[PROBLEM DESCRIPTION]: Exact repetition of every entry is required.

Stored items from a collection:
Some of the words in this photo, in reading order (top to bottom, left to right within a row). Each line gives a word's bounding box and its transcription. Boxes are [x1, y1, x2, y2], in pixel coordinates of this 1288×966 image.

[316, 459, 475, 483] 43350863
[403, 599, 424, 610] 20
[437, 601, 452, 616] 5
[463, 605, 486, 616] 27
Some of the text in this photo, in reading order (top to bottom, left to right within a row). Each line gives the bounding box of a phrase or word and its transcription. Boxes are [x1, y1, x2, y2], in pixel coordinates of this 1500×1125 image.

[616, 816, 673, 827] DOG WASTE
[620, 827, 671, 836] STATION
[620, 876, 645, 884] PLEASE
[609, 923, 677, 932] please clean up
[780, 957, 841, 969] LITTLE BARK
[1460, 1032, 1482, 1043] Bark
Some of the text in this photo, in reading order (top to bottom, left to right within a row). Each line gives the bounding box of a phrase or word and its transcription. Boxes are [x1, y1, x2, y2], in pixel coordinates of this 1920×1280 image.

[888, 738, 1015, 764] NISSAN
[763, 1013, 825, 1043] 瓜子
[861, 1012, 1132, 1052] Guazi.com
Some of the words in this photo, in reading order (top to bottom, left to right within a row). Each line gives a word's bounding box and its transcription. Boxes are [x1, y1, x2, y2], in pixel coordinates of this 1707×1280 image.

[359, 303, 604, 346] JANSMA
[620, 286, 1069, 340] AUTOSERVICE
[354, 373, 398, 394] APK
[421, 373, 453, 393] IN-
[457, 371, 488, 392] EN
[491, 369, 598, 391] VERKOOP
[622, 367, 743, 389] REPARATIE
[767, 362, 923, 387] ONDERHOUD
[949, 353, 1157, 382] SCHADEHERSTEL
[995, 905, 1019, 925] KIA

[EXERCISE RESPONSE]:
Some of the words in this photo, in reading order (top to bottom, left to right within a row). Each line gives a word's bounding box and its transcription. Boxes are [x1, y1, x2, y2], in pixel coordinates of this 1288×966 image.

[316, 459, 475, 483] 43350863
[403, 599, 424, 610] 20
[437, 601, 452, 616] 5
[463, 605, 486, 616] 27
Some of the text in this photo, in reading order (top to bottom, left to right within a row). Each line gives the bounding box of a phrase or word and its transcription. Boxes are [x1, y1, x2, y2], in pixel coordinates of this 1500×1125 image.

[616, 816, 673, 827] DOG WASTE
[620, 827, 671, 836] STATION
[620, 876, 645, 884] PLEASE
[609, 923, 677, 932] please clean up
[780, 957, 841, 969] LITTLE BARK
[1460, 1032, 1482, 1043] Bark
Some of the text in this photo, in reading order (top to bottom, left to right within a row). Each line gives the bounding box of a phrase or word and its transcription. Boxes are [x1, y1, x2, y2], in pixel coordinates of this 1920×1280 image.

[888, 738, 1015, 764] NISSAN
[763, 1013, 825, 1043] 瓜子
[861, 1012, 1132, 1052] Guazi.com
Some of the words in this photo, in reading order (top to bottom, left to right within a row). Each line gives a word's bounding box and its transcription. Boxes are [x1, y1, x2, y2], in pixel coordinates of this 1707×1280 image.

[359, 303, 604, 346] JANSMA
[620, 286, 1069, 340] AUTOSERVICE
[354, 373, 398, 394] APK
[421, 373, 453, 393] IN-
[457, 371, 488, 392] EN
[491, 369, 598, 391] VERKOOP
[622, 367, 743, 389] REPARATIE
[767, 362, 923, 387] ONDERHOUD
[949, 353, 1157, 382] SCHADEHERSTEL
[995, 905, 1019, 925] KIA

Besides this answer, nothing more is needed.